Kondisi sosial-politik saat ihyaul mawaat dirumuskan itu berbeda dengan sekarang. Dulu tanah kosong peninggalan masa jahiliyyah masihbanyak. Sementara saat ini tentu saja sudah terbatas. Namun peluang ihyaul mawaat masih ada.
Dalam konteks negara berkembang seperti Indonesia, ihyaul mawaat sudah dilakukan. Apalagi saat ini banyak tanah-tanah kosong akibat penggundulan hutan. Saya pernah diundang Institut Tekhnologi Surabaya (ITS) mengenai penanganan hutan gundul. Menurut mereka hutan gundul di Indonesia sudah mencapai 600.000 Ha. Nah ini bila tidak segera diihyakan atau dilestarikan kembali, akibatnya akan buruk dan berbahaya.
Mekanisme ihyaul mawaat tentu saja harus berkoordinasi dengan pemerintah (BPN). Penekanan koordinasi ini berangkat dari pengertian mu’amalah yang merupakan sifat mu’amalah. Asal kata mu’amalah adalah ta’amul yang berarti proses koordinasi dan komunikasi. Dari sini kita bisa mengambil benang merahnya, bahwa dalam membicarakan ihyaul mawaat tidak bisa sendiri-sendiri, tapi harus ada koordinasi dengan pihak-pihak seperti pemerintah, LSM, Pesantren dan lainnya.
Salah satu kerjasama contoh dari kerjasama antara pemerintah dengan Pesantren adalah yang terjadi di Pesantren Lir Boyo, Kediri.
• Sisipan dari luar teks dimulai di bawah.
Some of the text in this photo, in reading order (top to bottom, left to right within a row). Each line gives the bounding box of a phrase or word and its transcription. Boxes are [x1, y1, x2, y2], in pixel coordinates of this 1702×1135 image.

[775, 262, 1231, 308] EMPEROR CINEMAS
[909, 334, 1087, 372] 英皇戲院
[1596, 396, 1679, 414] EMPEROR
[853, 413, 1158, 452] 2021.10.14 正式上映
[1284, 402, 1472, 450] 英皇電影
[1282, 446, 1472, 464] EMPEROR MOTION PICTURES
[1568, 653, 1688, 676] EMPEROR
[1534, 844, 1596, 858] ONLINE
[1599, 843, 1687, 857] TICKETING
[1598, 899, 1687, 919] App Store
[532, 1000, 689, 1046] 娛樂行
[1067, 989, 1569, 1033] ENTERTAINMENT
Di sana pemerintah memberikan kesempatan kepada Pesantren dan masyarakat sekitarnya untuk bercocok tanam pada tanah yang nota bene milik pemerintah.
Sementara itu mengenai hak ‘menguasai’ oleh negara yang tertuang dalam pasal 33 itu tidak menghalangi ihyaul mawaat. Karena negara sendiri memiliki kewajiban dalam melindungi dan mensejahterakan rakyatnya.
Selanjutnya mengenai teks ‘tanah tidak bertuan’ yang terdapat dalam syarat ihyaul mawaat itu tidak perlu dirubah. Karena teks tersebut bisa kita kontekstualisasikan pada tataran praktis. Misalkan kita menemukan tanah kosong, maka kita tinggal mengkoordinasikannya dengan pemerintah setempat, apakah ada pemiliknya? Jika tidak, kita bisa mengolahnya. Mengubah tanah tak produktif menjadi produktif, itulah Islam. Soal UU, itu dibuat memang untuk kesejahteraan rakyat.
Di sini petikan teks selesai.